Supply woes, scrap gains propel US HRC price to $63/cwt

Hot-rolled coil prices in the United States have hit another all-time high, driven by supply shortages and strength in domestic ferrous scrap pricing.

Fastmarkets’ daily steel hot-rolled coil index, fob mill US was calculated at $63 per hundredweight ($1,260 per short ton) on Thursday March 4, up by 1.04% from $62.35 per cwt on Wednesday and by 1.86% from $61.85 per cwt on February 25.

Inputs were received across all three sub-indices in a range from $60-65 per cwt, inclusive of mill offers and general assessments of current spot market price levels.

Heard in the market
A worsening supply crunch, along with emerging strong upside in prime scrap prices in the March raw material trade, have worked in tandem to push Fasmarkets’ daily index to a new all-time record.

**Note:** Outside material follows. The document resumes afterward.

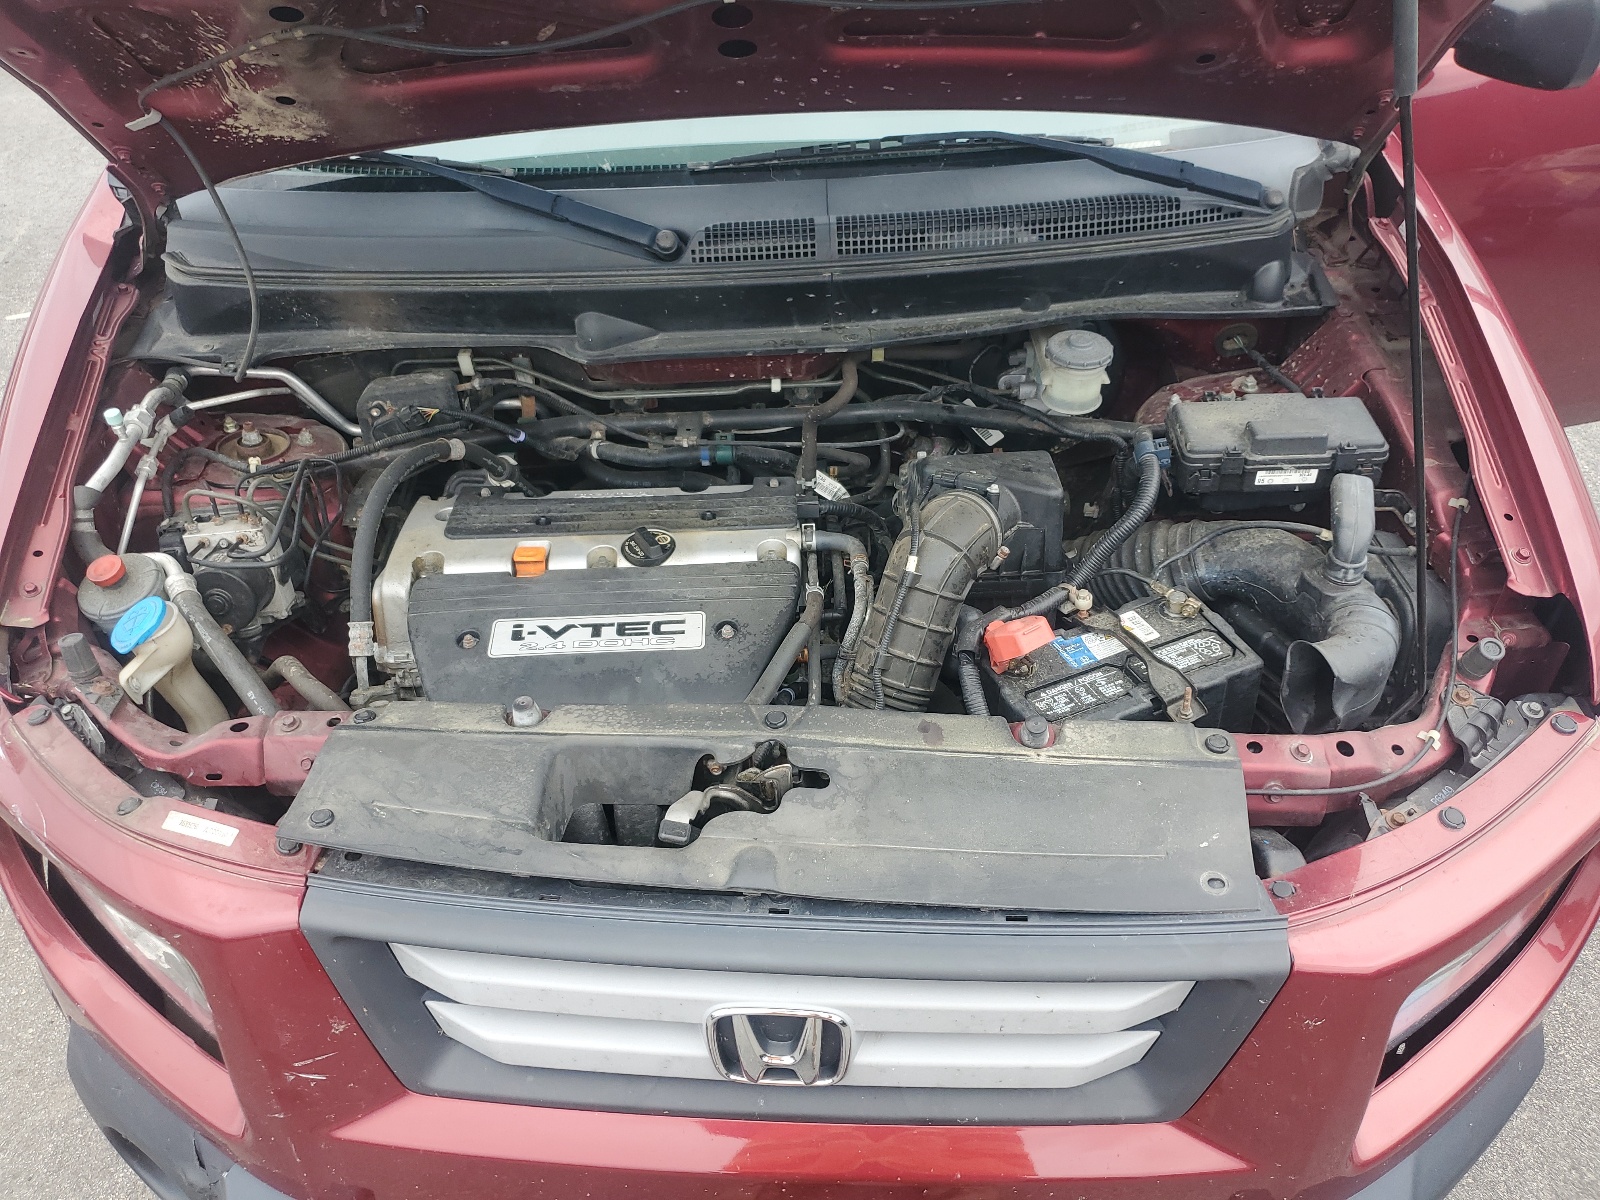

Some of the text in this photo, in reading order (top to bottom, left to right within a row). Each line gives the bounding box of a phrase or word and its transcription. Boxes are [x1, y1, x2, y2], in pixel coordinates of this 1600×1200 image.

[511, 619, 686, 641] i-VTEC
[519, 637, 675, 650] 2.4 DOHC
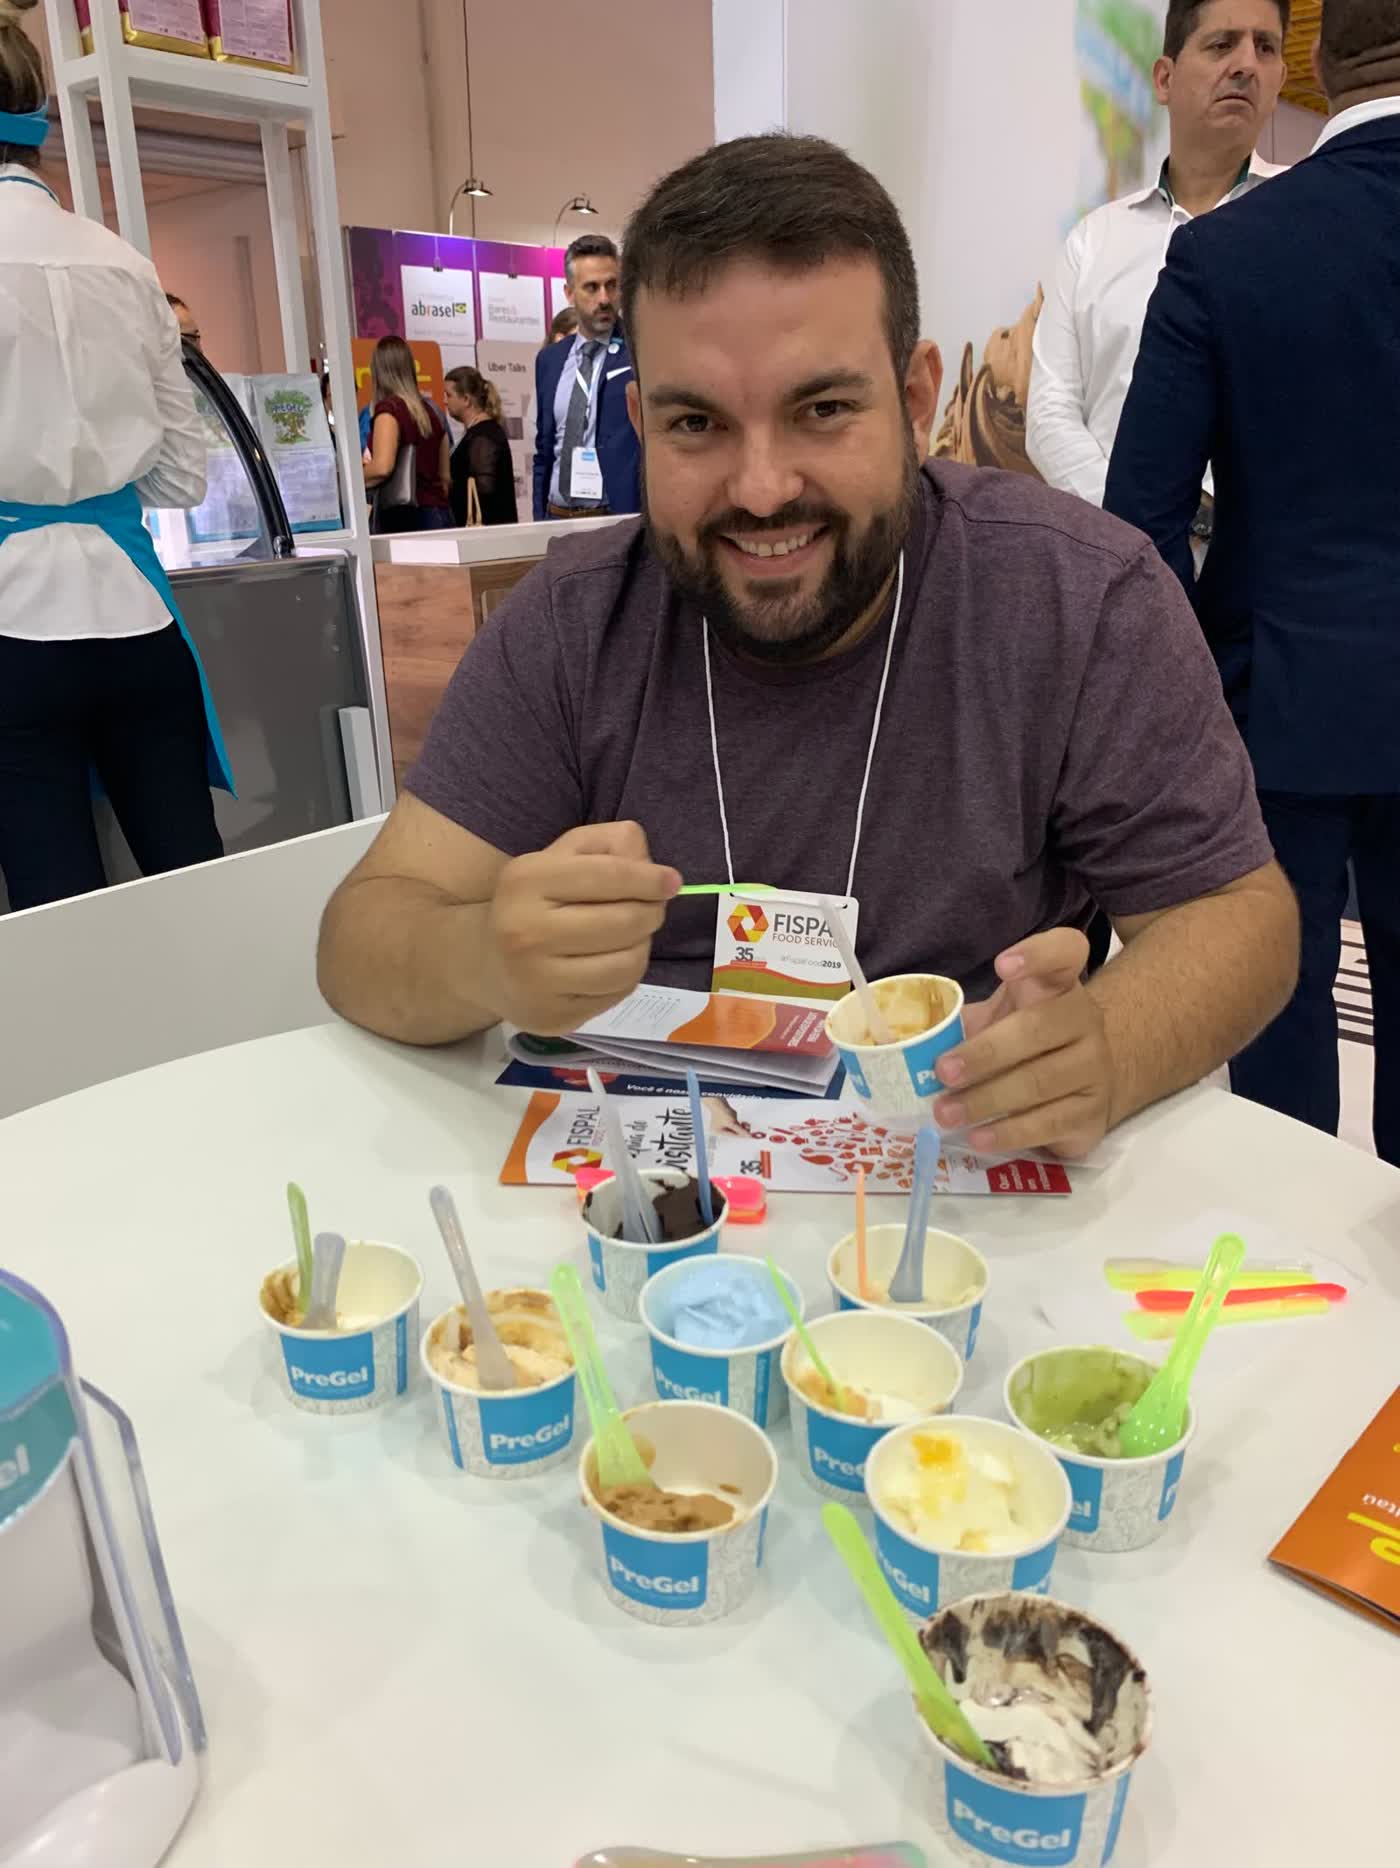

Sources said there are no immediate signs that the meteoric rise in hot band prices will abate anytime soon.

A southern service center source expects domestic producers to increase prices once this month’s scrap trade settles, with Detroit entering the market up $70 per gross ton on prime grades.

One end user source noted that producers in the US South are four to six weeks behind schedule, and the volume of imported hot band entering the market is not sufficient enough to pressure domestic prices.

Furthermore, with demand from key steel-consuming industries remaining strong, sources said the current bull market should have staying power through the end of the second quarter of this year.

Quote of the day
“I’m very worried about supply,” a consumer source said. “Steel is like searching for toilet paper during the initial onslaught of the Covid pandemic – shelves [are] all empty.”